Non-Medicinal Administration of Ketamine

Recreational ketamine-use typically takes the form of a white crystalline powder, and less commonly a tablet or injection.

Typically, the ketamine power is consumed by snorting. Like we have previously mentioned, this often leads to a longer duration of effects. In this form, users typically experience subanesthetic effects, such as relaxation and dream-like states.

However, as ketamine is a sedative, determining an appropriate dose can be difficult. Users may be vulnerable to side effects, which can include:

  • Increased heart rate and blood pressure
  • Agitation and delirium
  • Paralysis
  • Abdominal pain
  • Liver damage
  • Damage to the urinary tract

Not to mention that in the US, as well as many other places in the world, recreational ketamine use is illegal.

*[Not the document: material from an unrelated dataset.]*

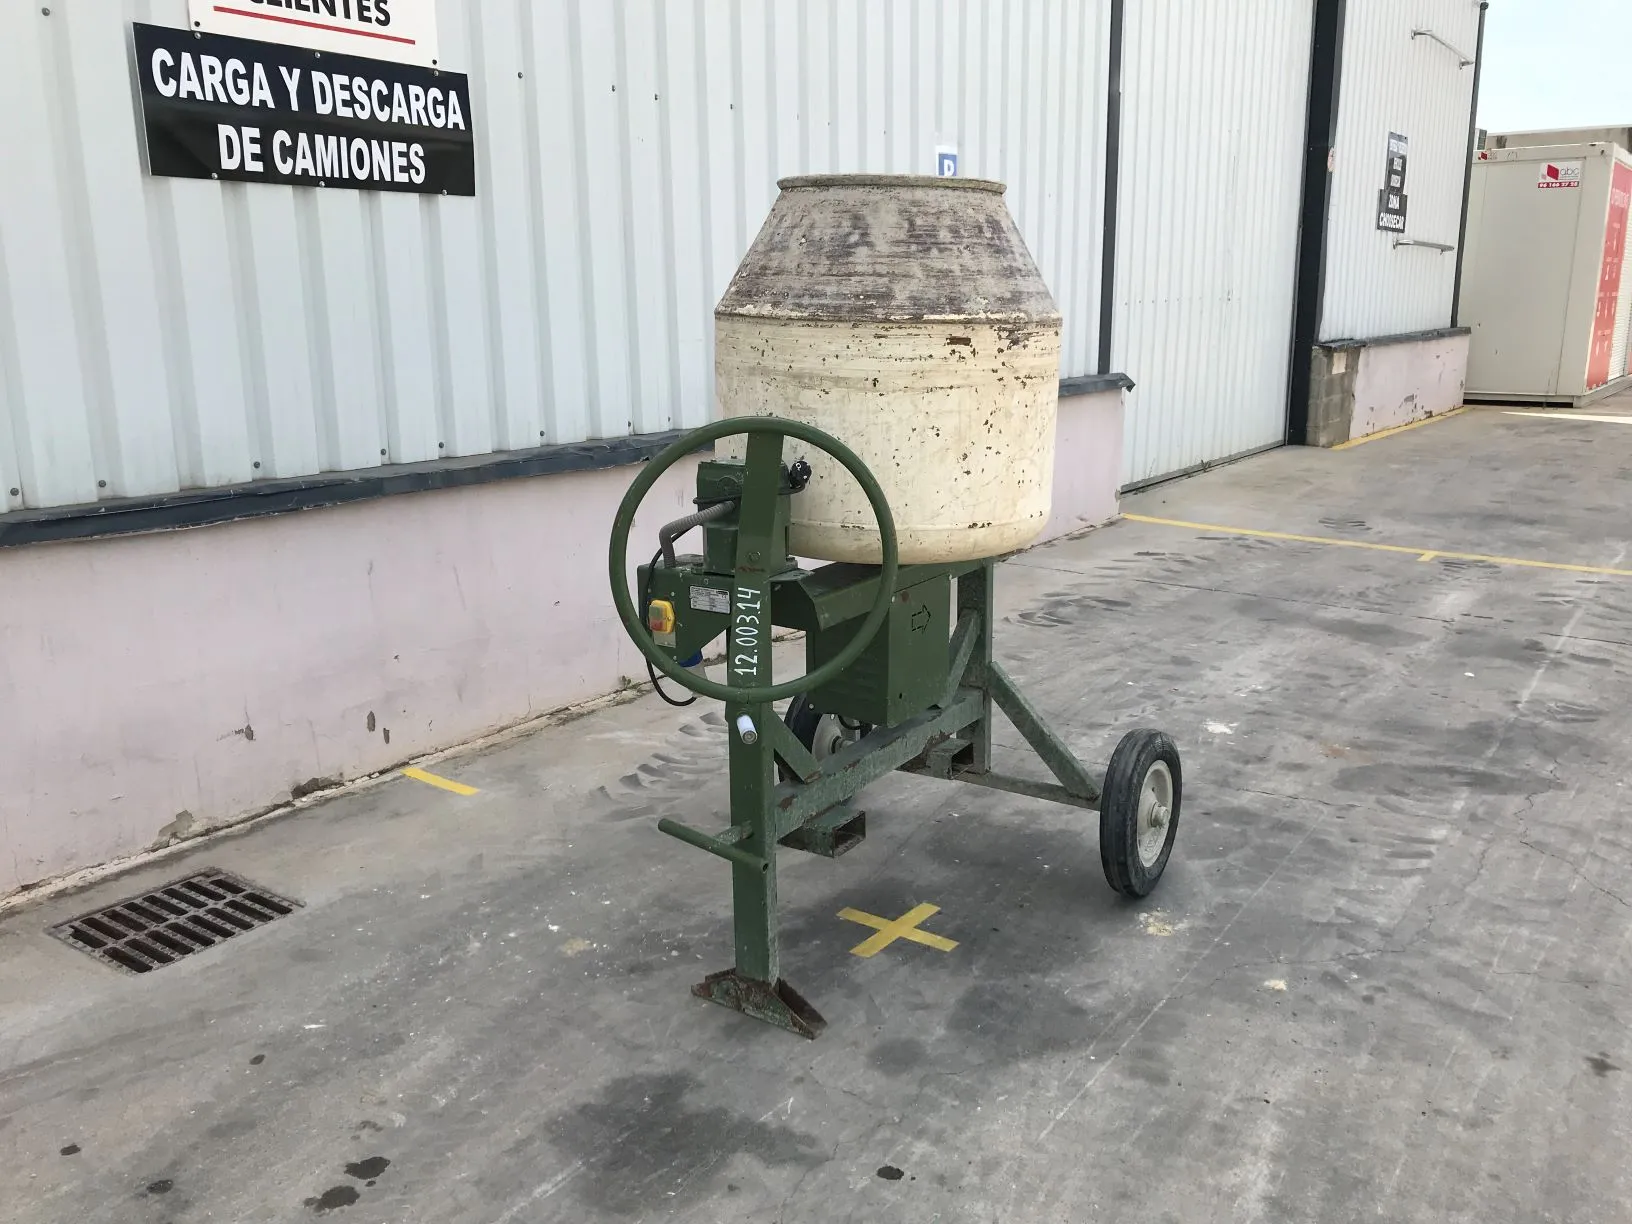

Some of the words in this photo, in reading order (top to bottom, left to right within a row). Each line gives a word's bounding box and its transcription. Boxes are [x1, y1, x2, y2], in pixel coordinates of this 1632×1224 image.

Final Thoughts on Effective Ketamine Administration

It’s clear that the efficacy of ketamine is determined by its purpose. For instance, as an anesthetic medicine, injecting ketamine is certainly the most effective form. In comparison, the intranasal administration of esketamine may be more useful for depression.

In essence, it’s impossible to generalize one form as superior to another. This is especially true considering long-term research is still very limited on ketamine’s uses.

Recreational ketamine use is highly illegal in most places around the world. In light of that, this information is intended for informational purposes only.